Under German civil procedure law, class actions are not (yet) available. However, despite the lack of a class action, it is possible to file bundled claims for damages through third parties and claim vehicles. There are no restrictions per se on the assignment of claims for damages under German law. Some restrictions apply regarding assignments to special purpose entities whose financial resources might be considered insufficient to cover subsequent claims for costs in court proceedings.38 Further restrictions may apply regarding the RDG, which regulates the licensing of extrajudicial legal services. In its judgment of February 2020,39 the Munich Regional Court I dismissed a lawsuit to which 3,266 claimants had assigned their approximately 85,000 claims against members of the Trucks cartel. The Court ruled that the assignment model, which involved a litigation financier, was null and void due to violations of the RDG, which rendered the claims vehicle's right to sue invalid. Although the plaintiff was registered as a debt collection service provider under German law, the Court held that its activities had, from the outset, been aimed solely at the judicial enforcement of the individual claims, which did not meet the requirements of the RDG. Although this ruling puts a damper on innovative class action models under German law, the BGH will soon have to rule on the admissibility of this model; the plaintiff has already announced an appeal. To avoid the litigation risk associated with the assignment model under German law, all parties concerned can also file one lawsuit. It is quite possible under German law to file a lawsuit with more than 100 plaintiffs against one or several cartel members.

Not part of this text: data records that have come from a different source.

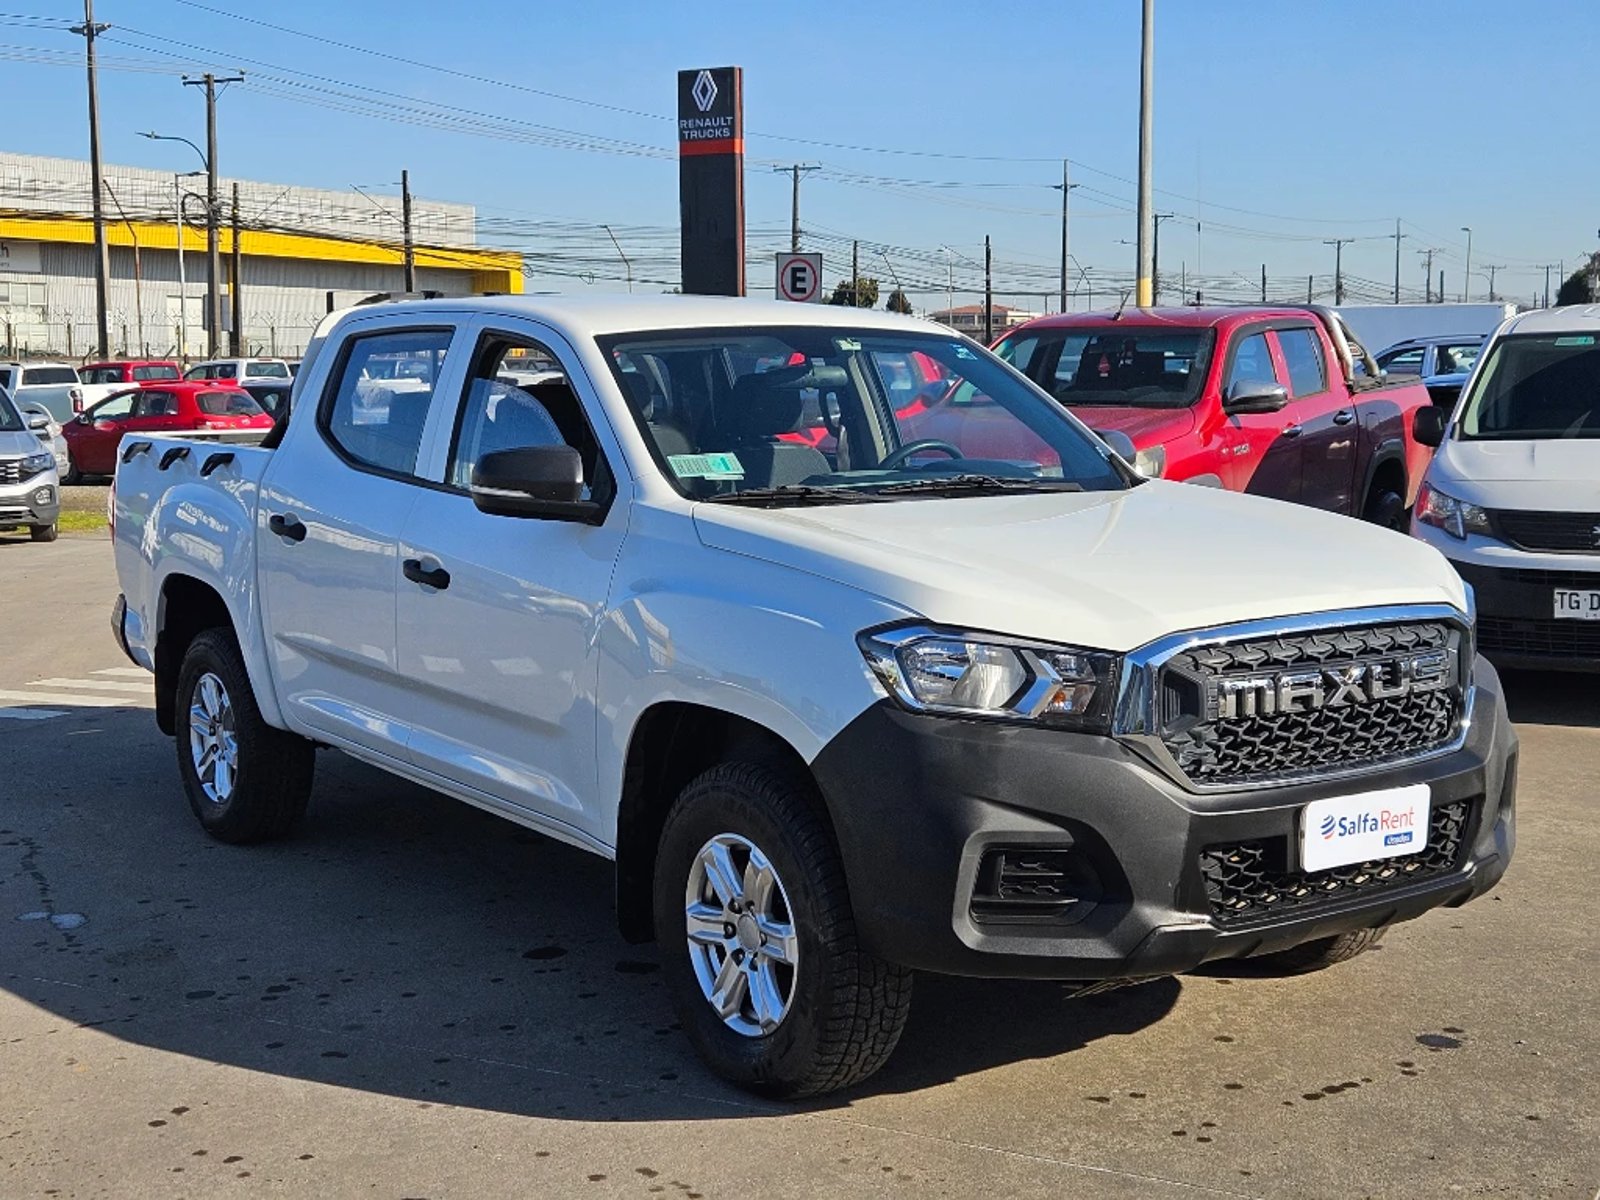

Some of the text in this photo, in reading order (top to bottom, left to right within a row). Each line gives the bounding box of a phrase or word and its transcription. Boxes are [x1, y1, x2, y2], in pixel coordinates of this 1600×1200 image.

[680, 116, 733, 128] RENAULT
[683, 128, 730, 139] TRUCKS
[791, 267, 806, 294] E
[1218, 653, 1448, 718] MAXUS
[1338, 806, 1415, 837] SalfaRent

Although a certain type of civil class action was introduced in Germany in 2005 with the Capital Investor Model Proceedings Act and, in November 2018, in support of the Dieselgate victims with the model declaratory action,40 these procedures are not suitable for conducting class antitrust damages actions under German law. However, in June 2020, the European Commission, the European Parliament and the European Council concluded their informal trialogue and agreed on the introduction of a European representative action, the scope of which is significantly broader than the model declaratory action under Section 606 of the ZPO. It remains to be seen if and how this type of class action will be implemented in German law.
Generally, the claimant must demonstrate and provide evidence for the facts forming the basis of the loss incurred. However, the claimant may benefit from a shift in the burden of proof or from presumptions in certain situations. A point of reference for the estimated amount of damages can be derived from the 'profit and damage potential' in the amount of 10 per cent of the offence-related turnover, which the FCO uses as a basis for the assessment of fines in its Guidelines on Fines of 25 September 2013. The plaintiff is not obliged to precisely calculate the damage caused to him or her by the cartel; it is only necessary that the plaintiff provides a reliable factual basis for the estimate.

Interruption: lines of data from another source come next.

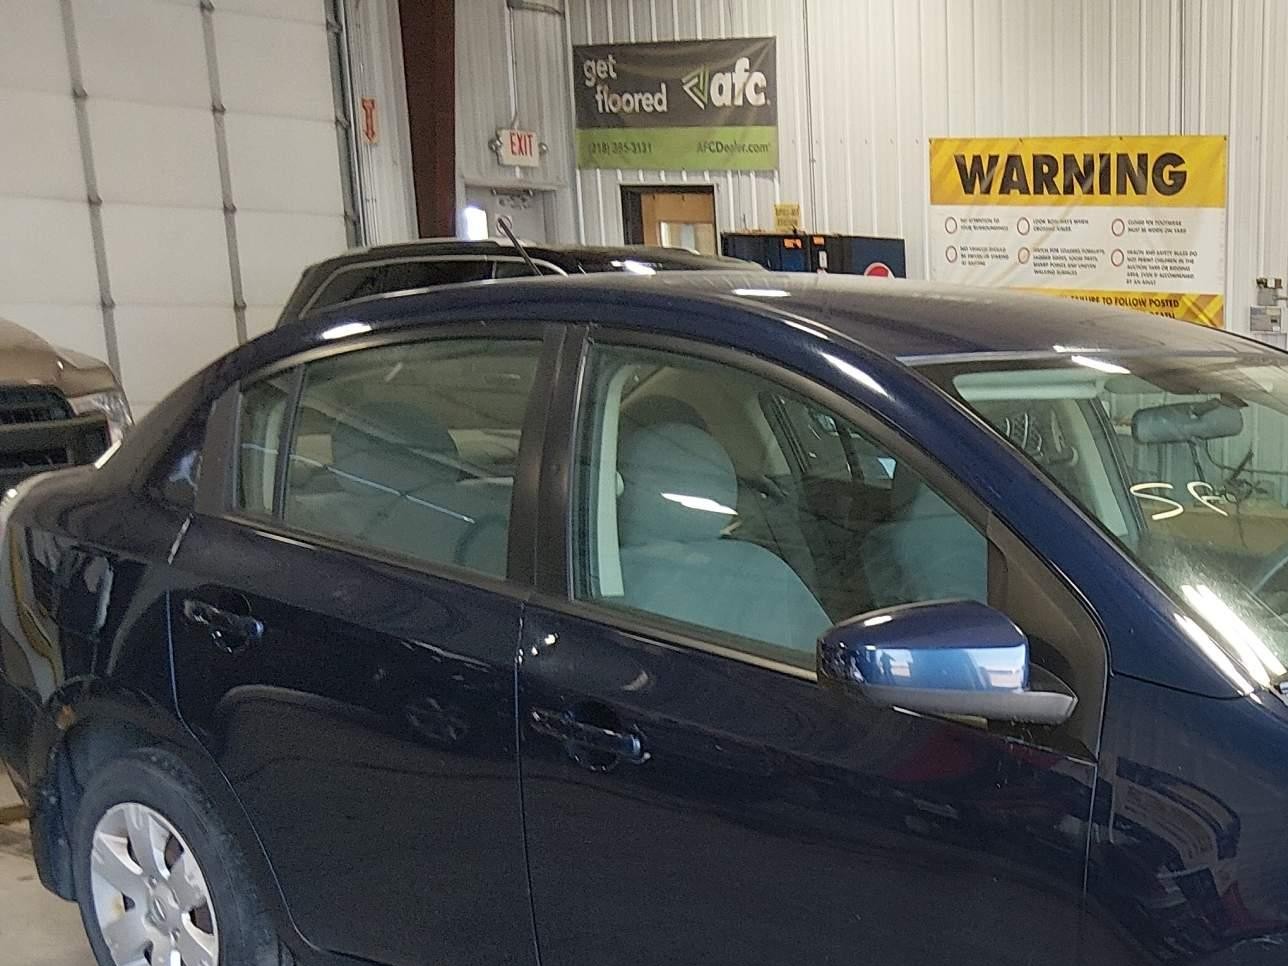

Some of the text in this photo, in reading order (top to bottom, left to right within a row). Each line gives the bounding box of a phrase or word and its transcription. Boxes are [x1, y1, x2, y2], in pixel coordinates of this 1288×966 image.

[583, 54, 617, 87] get
[595, 82, 668, 114] floored
[509, 131, 534, 157] EXIT
[953, 152, 1188, 196] WARNING
[1102, 296, 1113, 306] TO
[1114, 296, 1147, 308] FOLLOW
[1148, 298, 1180, 308] POSTED

Pursuant to Section 33a(2) of the GWB, there is a rebuttable presumption that a cartel causes harm.41 And, pursuant to Section 33a(3) of the GWB, the court may additionally consider the profits made by the defendants through illegal cartel activities when estimating the amount of the damages incurred. A plaintiff may also claim lost profits. In this respect, the burden of proof is additionally eased by Section 252 of the BGB, according to which lost profit is, for example, that which the plaintiff would probably have achieved in the normal course of events.
If the potential damage is of sufficient volume, the plaintiffs usually submit an economic expert opinion to prove the damage. The defendants then generally submit a counter-assessment, which often leads to the result that no damage can be ascertained. Sometimes, the court then appoints its own expert to determine the amount of damages by an expert who is as independent as possible. However, in January 2020, the BGH decided in its Rail Cartel II ruling42 that it is not mandatory to appoint a court-appointed expert. Following this guidance, in its judgment of September 2020,43 the Dortmund Regional Court made use of the possibility to estimate the amount of damages without obtaining its own expert opinion. This possibility is generally available under German law,44 but had not been used in competition damages cases prior to this case. In the specific Rail cartel case, the Dortmund Regional Court estimated the minimum damages at 15 per cent.
German law only provides for actual loss; treble or punitive damages are not available. However, the loss also includes lost profits and statutory interest, which can double the claim after several years. Pursuant to Section 33a(4) of the GWB, the defendant shall pay interest from the occurrence of the damage.45 The general interest rate is 5 percentage points above the base rate of the European Central Bank base rate.46 Due to changes to the law, the interest rate for damages incurred before 1 July 2005 is regulated differently and is generally set at 4 per cent or 5 per cent, and is not linked to the base rate.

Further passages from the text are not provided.